Robert Kagan, whose article "Power and Weakness", championing a militarily assertive United States unshackled by international principles that suit an allegedly defensive and weak Europe, provoked huge controversy last year, accused the two countries of dishonesty.
"The most disingenuous behaviour of all has been by the French in recent weeks and the Russian government coming in behind the French as well," Kagan told a roundtable conference in Moscow.
"France and Russia are now in direct violation of the spirit and letter and resolution 1441," passed in November warning Iraq of 'serious consequences' if it failed to show it had fully dismantled all weapons of mass destruction, Kagan said.
"It was the final opportunity to fully comply with resolutions that go back to 1991," he underlined.
US President George W. Bush had ignored his own instincts at the urging of close ally British Prime Minister Tony Blair to try and get UN Security Council authorisation for a strike against Iraq, he said.
But even after a unanimous vote in favour of resolution 1441, France and Russia had stymied attempts to get a second measure giving the green light to war by threatening to use their vetoes as permanent council members.
"If the lesson of all this is that even when the United States is persuaded to go to the Security Council to take action and even when it gets agreement on a certain kind of resolution, that at the end of the day the countries that agreed to that resolution don't want to implement it, what will be the lesson to the United States? What will be the lesson to the American public?," he said.

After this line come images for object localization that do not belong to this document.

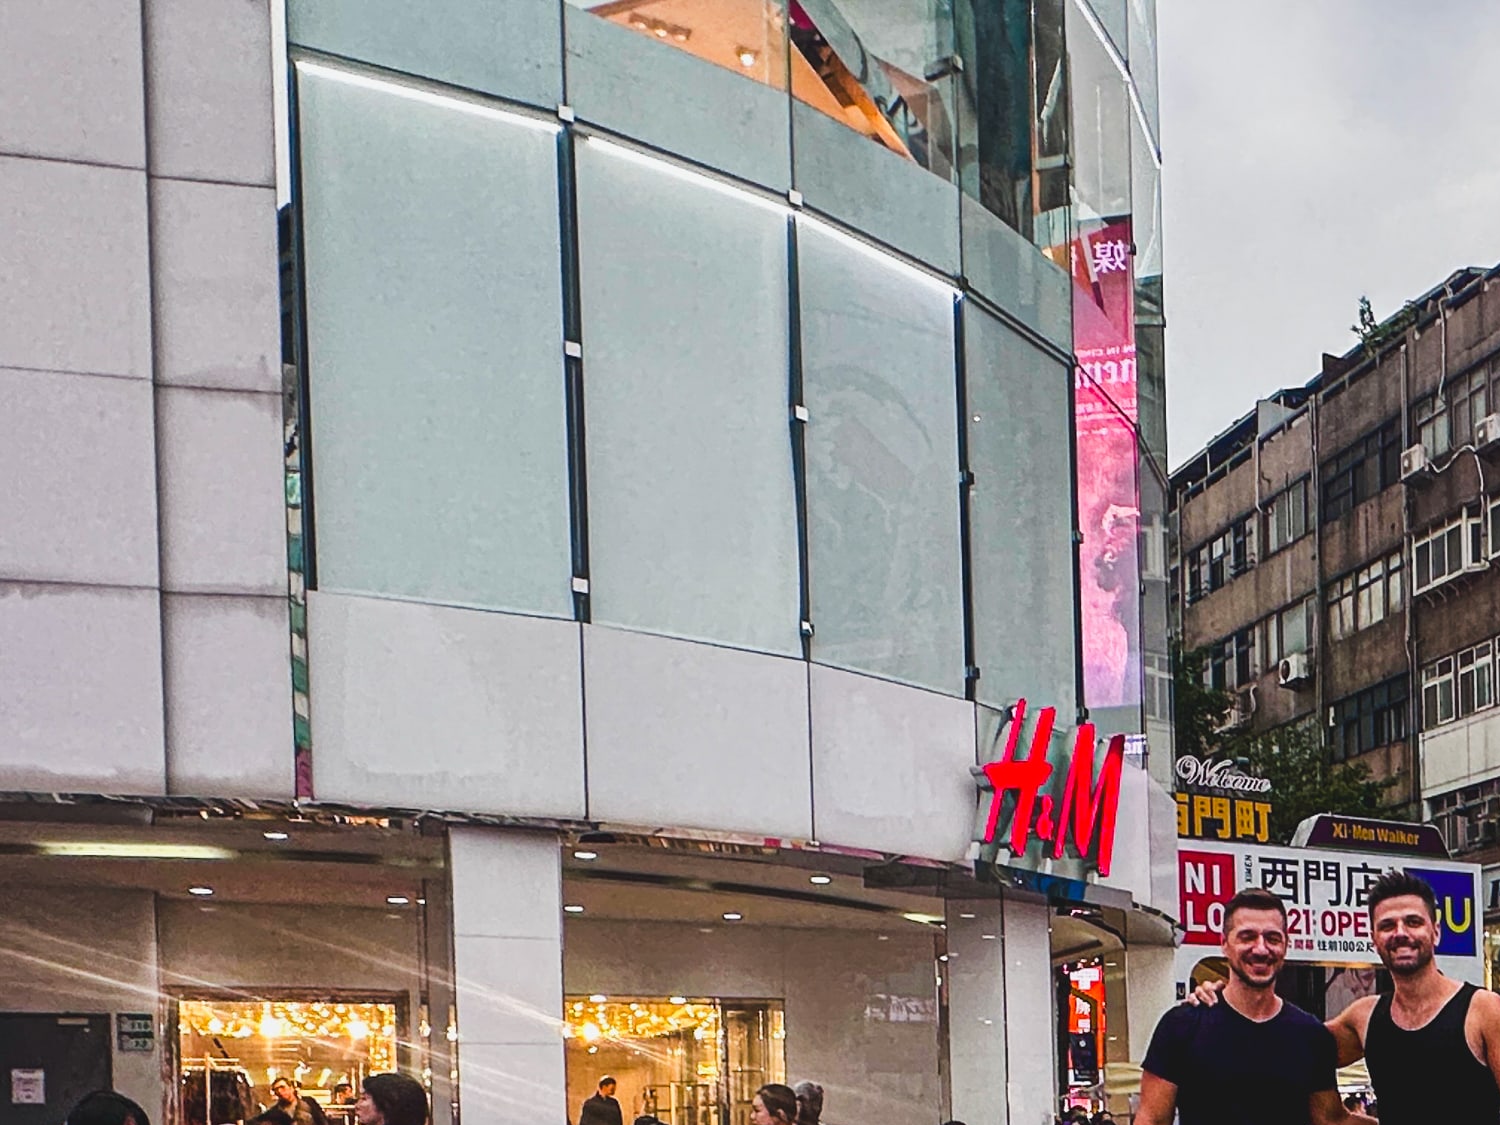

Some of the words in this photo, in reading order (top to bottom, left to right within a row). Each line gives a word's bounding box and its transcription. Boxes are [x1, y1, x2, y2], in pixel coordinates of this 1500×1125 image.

[982, 697, 1126, 878] H&M
[1175, 754, 1272, 793] Welcome
[1377, 828, 1420, 846] Walker
[1258, 856, 1382, 908] 西門店
[1320, 911, 1369, 938] OPE
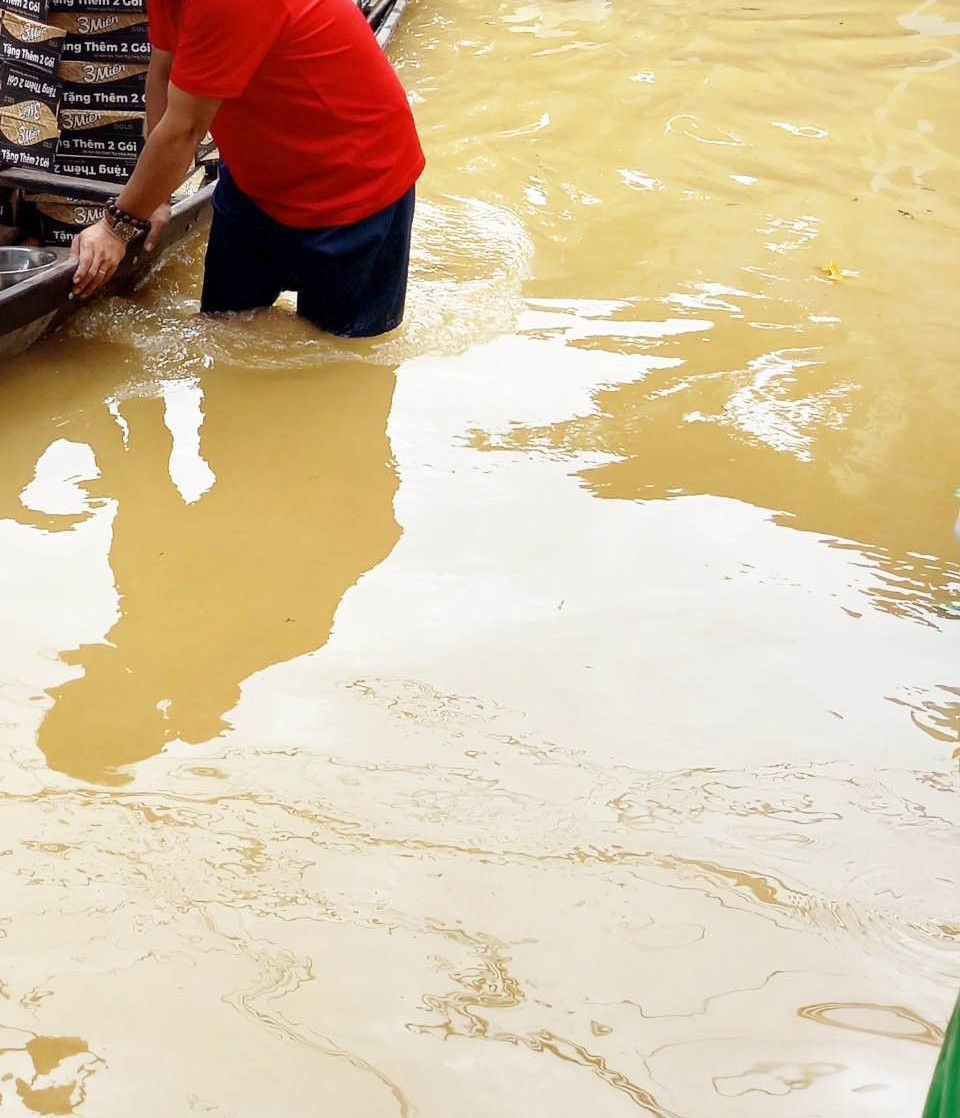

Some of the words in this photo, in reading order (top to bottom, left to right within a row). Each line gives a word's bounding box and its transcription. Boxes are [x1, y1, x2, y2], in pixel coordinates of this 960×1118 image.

[23, 0, 28, 9] 2
[29, 0, 41, 13] Gói
[84, 42, 118, 52] Thêm
[121, 43, 128, 52] 2
[131, 42, 151, 53] Gói
[2, 43, 20, 60] Tặng
[21, 47, 39, 63] Thêm
[40, 54, 44, 64] 2
[44, 56, 55, 68] Gói
[7, 74, 18, 86] Gói
[18, 78, 24, 88] 2
[24, 80, 41, 94] Thêm
[41, 82, 57, 98] Tặng
[63, 92, 91, 104] Tặng
[94, 92, 128, 103] Thêm
[131, 93, 139, 103] 2
[72, 139, 105, 149] Thêm
[107, 141, 115, 150] 2
[118, 141, 137, 152] Gói
[1, 149, 19, 164] Tặng
[19, 152, 36, 166] Thêm
[36, 156, 40, 165] 2
[40, 157, 50, 168] Gói
[54, 164, 61, 173] 2
[63, 164, 96, 176] Thêm
[99, 164, 129, 177] Tặng

Kagan pointed to an opinion poll published this week that suggested that 58 percent of Americans now have a negative attitude towards the UN Security Council, up 10 percentage points on a month ago.
"It will be possible to convince a new generation of Americans, that the UN Security Council is what it was throughout the Cold War, and what it was throughout most of their lives, an institution that you couldn't go to for serious action," said the influential academic.
Kagan, one of a handful of neo-conservative thinkers believed to have the ear of Bush's administration, said that the US aim had been to topple Iraqi leader Saddam Hussein rather than simply to disarm him.
"I don't think that Bush administration officials ever believed that disarmament was the solution either. They always believed that you had to get rid of Saddam Hussein," he said.
But he defended the policy as necessary to safeguard US security and insisted that the sanction of the UN Security Council was not essential for the United States to make a pre-emptive military strike.
"The problem is not the United States, the problem is those totalitarian regimes who are developing those weapons with purpose.
"It is not an aberration for a country to take action, even though it doesn't have Security Council authorisation," Kagan concluded - Sapa-AFP.